Published 2025 - 43rd Congress of the ESCRS

Reference: PO533 | Type: Free paper | DOI: 10.82333/5e2w-qh76

Authors: Andrés Germán Alza* 1

1Ophtalmology,Clínica Privada de Ojos Dr. Enrique Alza,La Plata,Argentina

Purpose

To assess the impact of pre-operative recipient and donor-related factors on the rate of corneal graft clearance using serial Anterior Segment Optical Coherence Tomography (AS-OCT) imaging.

Setting

This prospective cohort study was conducted at the Ophthalmology Clinic of Archbishop Makarios III Hospital, State Health Services Organization, Nicosia, Cyprus, in collaboration with the University of Cyprus Medical School. Seventy-one patients (76 eyes) who underwent corneal transplantation (PKP, DSAEK, or DMEK) between October 2021 and April 2024 were included, with a minimum follow-up of 6 months.

Methods

Serial AS-OCT pachymetry maps and cross-sectional scans were performed at fixed post-operative intervals. Mixed linear regression models with time-splines were used to assess changes in recipient central corneal and graft thickness over time. Adjusted regression coefficients (β) and standard errors (SE) were calculated.

Results

The mean recipient age was 73.8 ± 12.0 years and the mean donor age 54 ± 15.9 years. CCT and CGT decreased significantly up to 3 months (CCT: β = -1.73, p < 0.001; CGT: β = -0.53, p < 0.001) before stabilizing (CCT: β = 0.063, p = 0.156; CGT: β = 0.02, p = 0.228). Younger donor age (<56 years) was linked to faster clearance (β = 0.67, p = 0.004). PKP had a slower CCT decrease than DSAEK (β = 0.74, p = 0.021).
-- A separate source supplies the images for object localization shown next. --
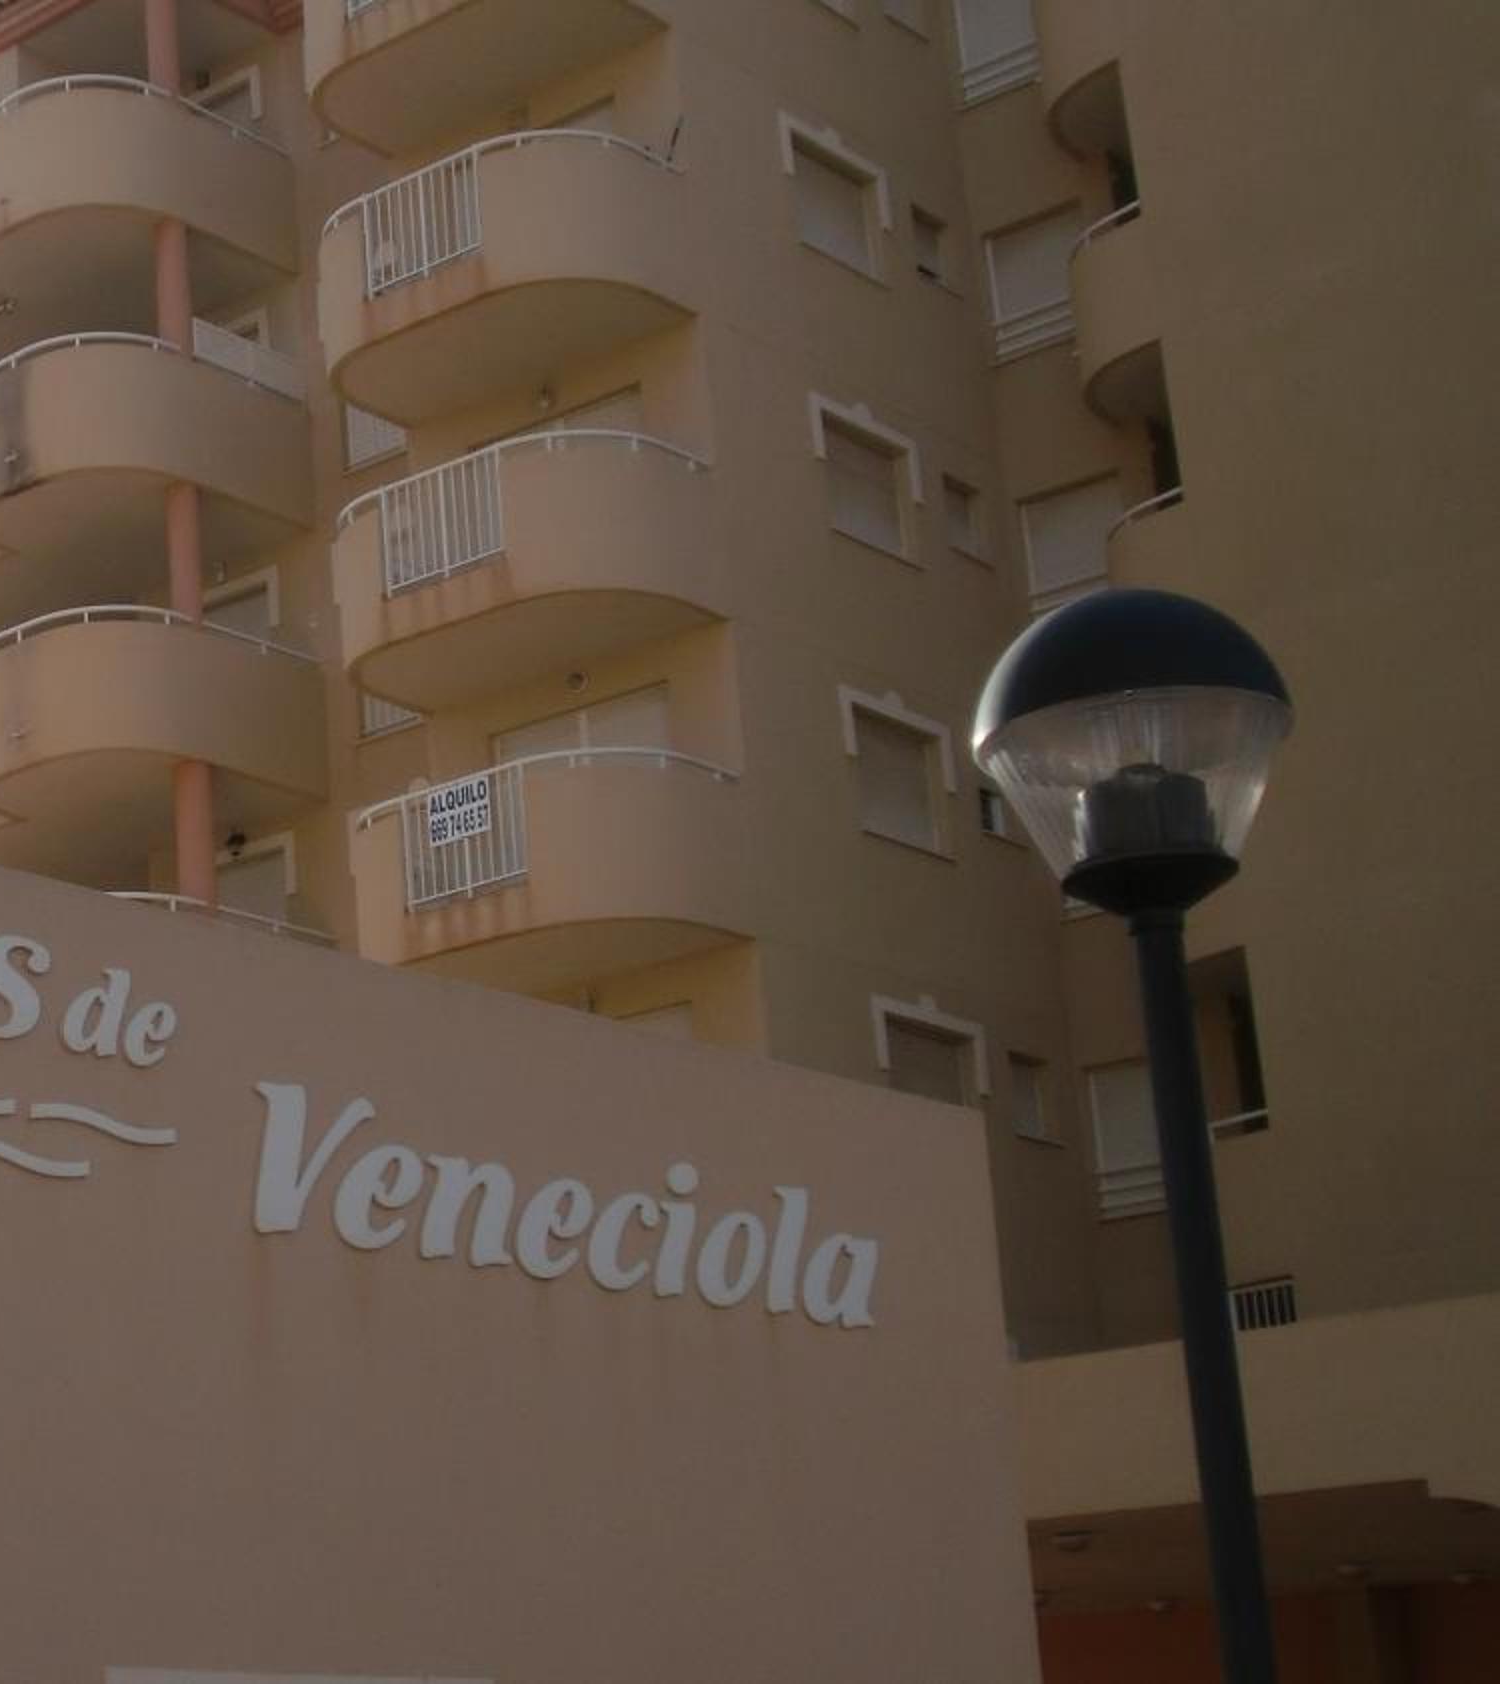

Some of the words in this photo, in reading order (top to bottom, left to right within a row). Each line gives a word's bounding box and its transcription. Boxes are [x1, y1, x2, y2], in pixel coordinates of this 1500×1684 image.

[430, 780, 487, 817] ALQUILO
[61, 968, 178, 1067] de
[254, 1081, 880, 1329] Veneciola
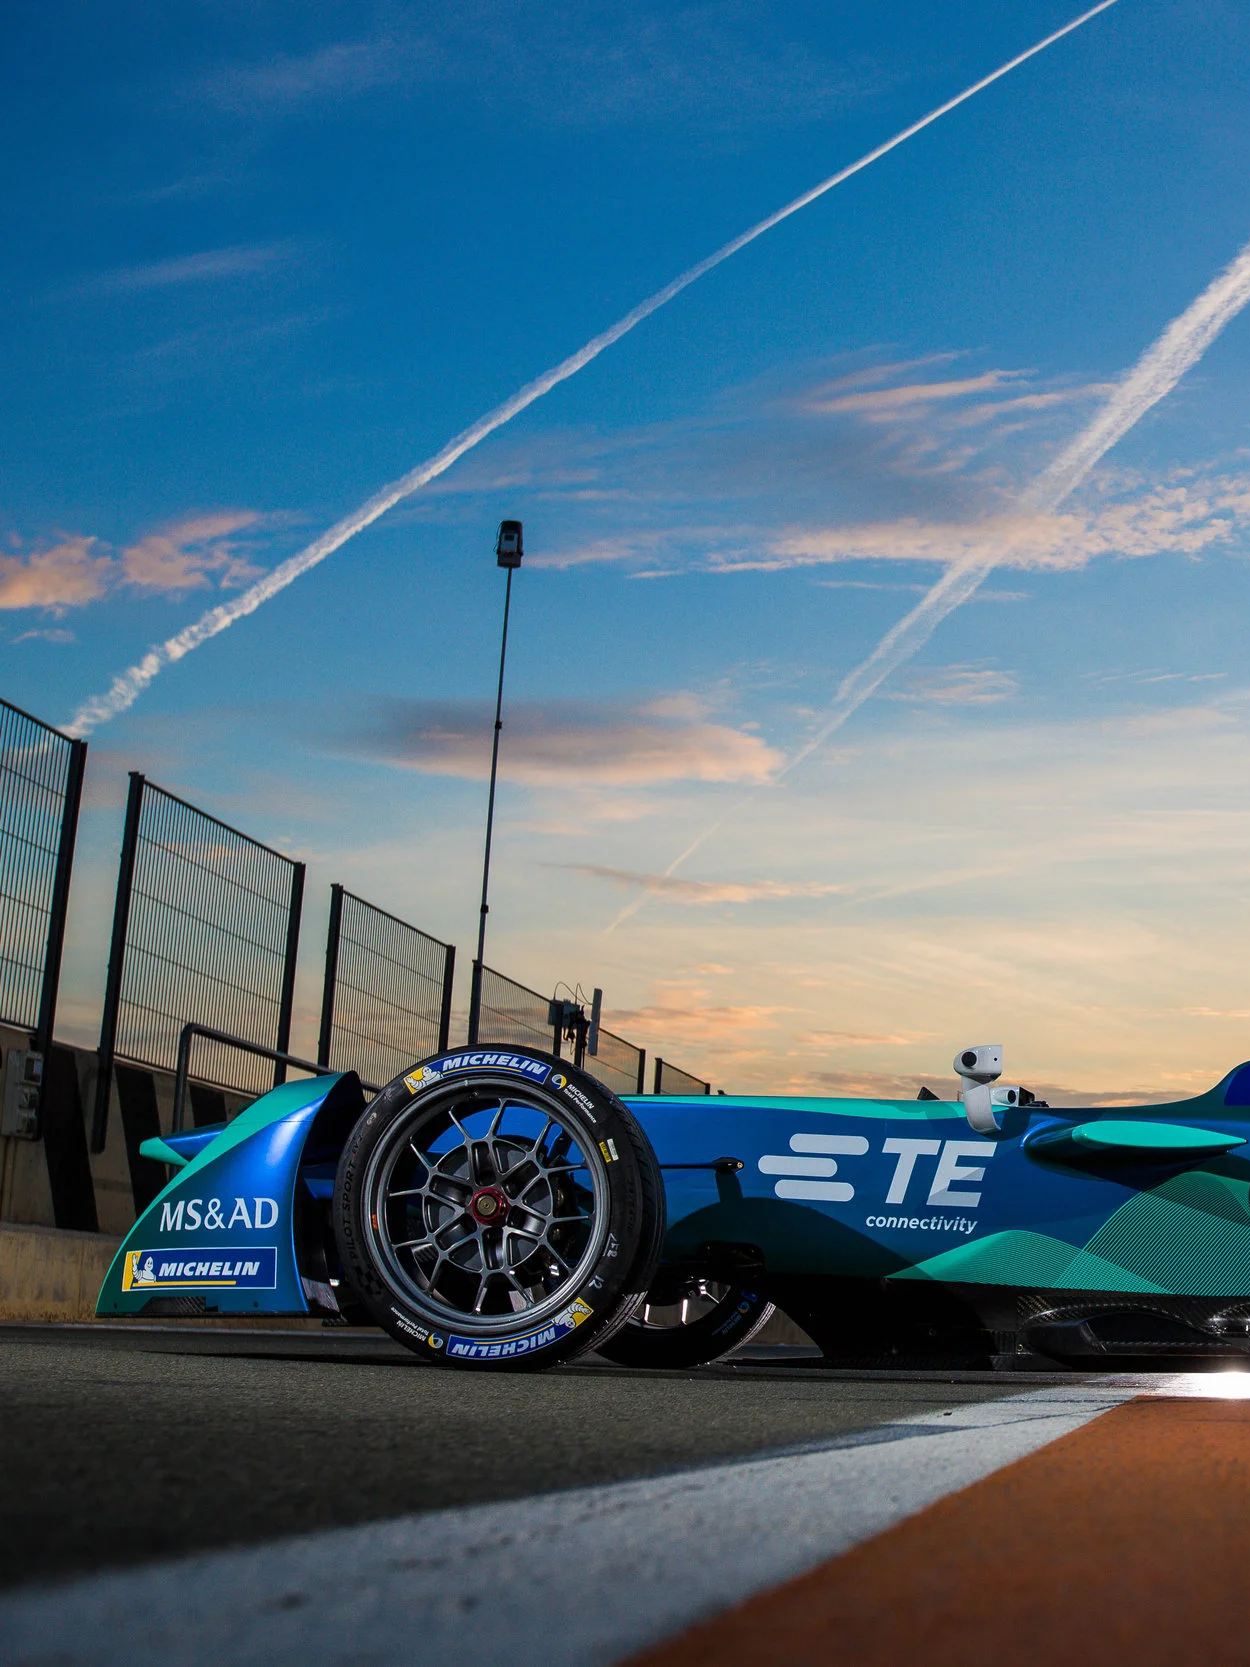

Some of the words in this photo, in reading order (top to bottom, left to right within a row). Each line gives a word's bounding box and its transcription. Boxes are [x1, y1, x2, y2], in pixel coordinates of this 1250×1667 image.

[442, 1054, 547, 1076] MICHELIN
[563, 1088, 575, 1099] Total
[573, 1097, 597, 1124] Performance
[567, 1084, 595, 1110] MICHELIN
[882, 1137, 998, 1207] TE
[343, 1161, 356, 1213] SPORT
[159, 1198, 279, 1232] MS&AD
[866, 1215, 978, 1235] connectivity
[343, 1217, 358, 1260] PILOT
[158, 1261, 260, 1277] MICHELIN
[391, 1306, 419, 1329] Performance
[396, 1320, 427, 1342] MICHELIN
[451, 1326, 556, 1357] MICHELIN
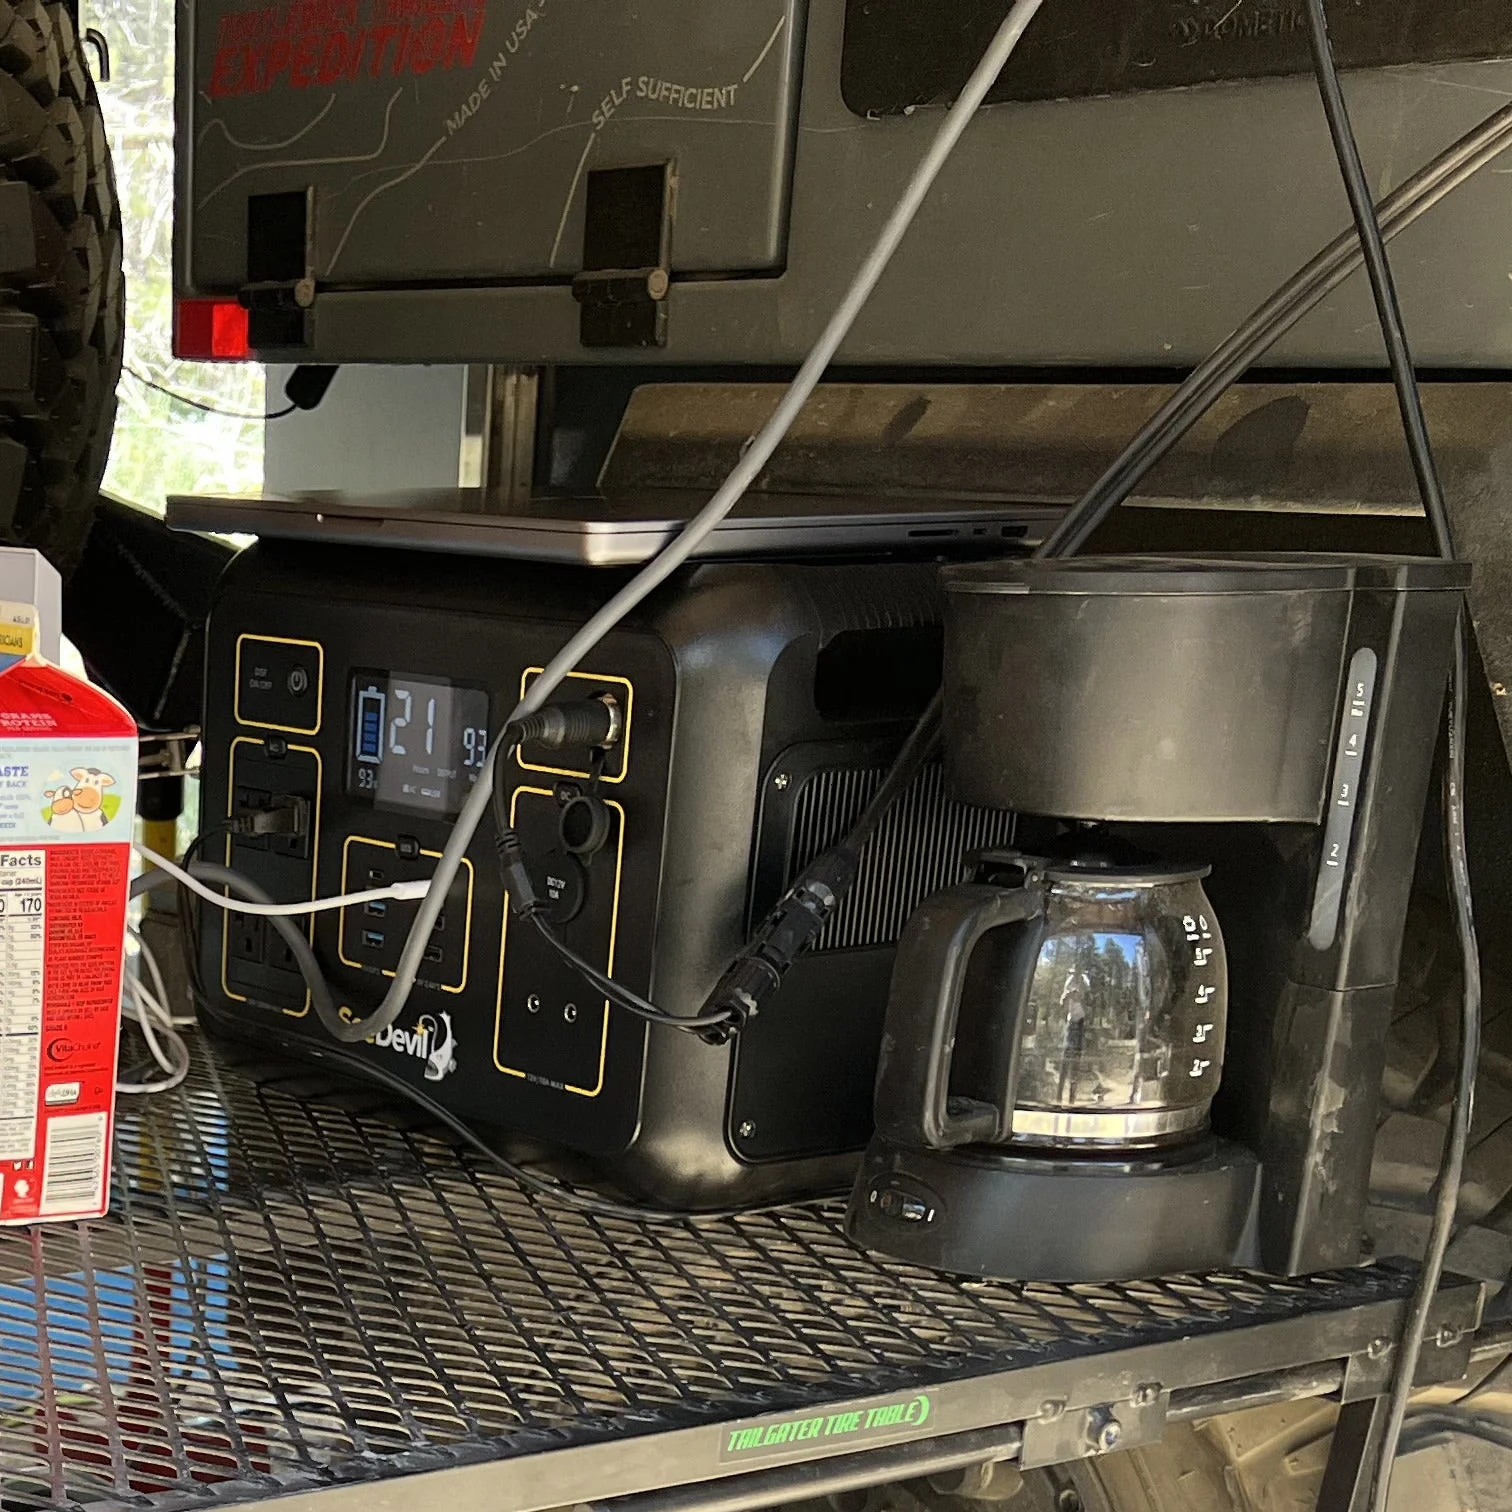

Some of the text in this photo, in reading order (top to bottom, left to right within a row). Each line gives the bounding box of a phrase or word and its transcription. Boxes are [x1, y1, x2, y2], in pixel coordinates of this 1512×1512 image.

Higher donor ECD (≥3,021 cells/mm²) was associated with faster clearance (β = -1.14, p = 0.001). Postoperative CCT and CGT remained stable beyond 3 months. Graft clearance was unaffected by recipient gender, pre-op CCT, diagnosis, donor diabetes, or preservation-related times (death-to-preservation, death-to-surgery, cut-to-surgery).

Conclusions

This study underscores the critical role of donor-related factors, including age, and ECD in achieving faster corneal and graft clearance. The findings highlight the importance of targeted donor selection and early post-operative management to optimize outcomes. The use of serial AS-OCT imaging demonstrates its value as a non-invasive tool for monitoring and assessing graft dynamics, with significant potential for improving clinical practice and guiding future research.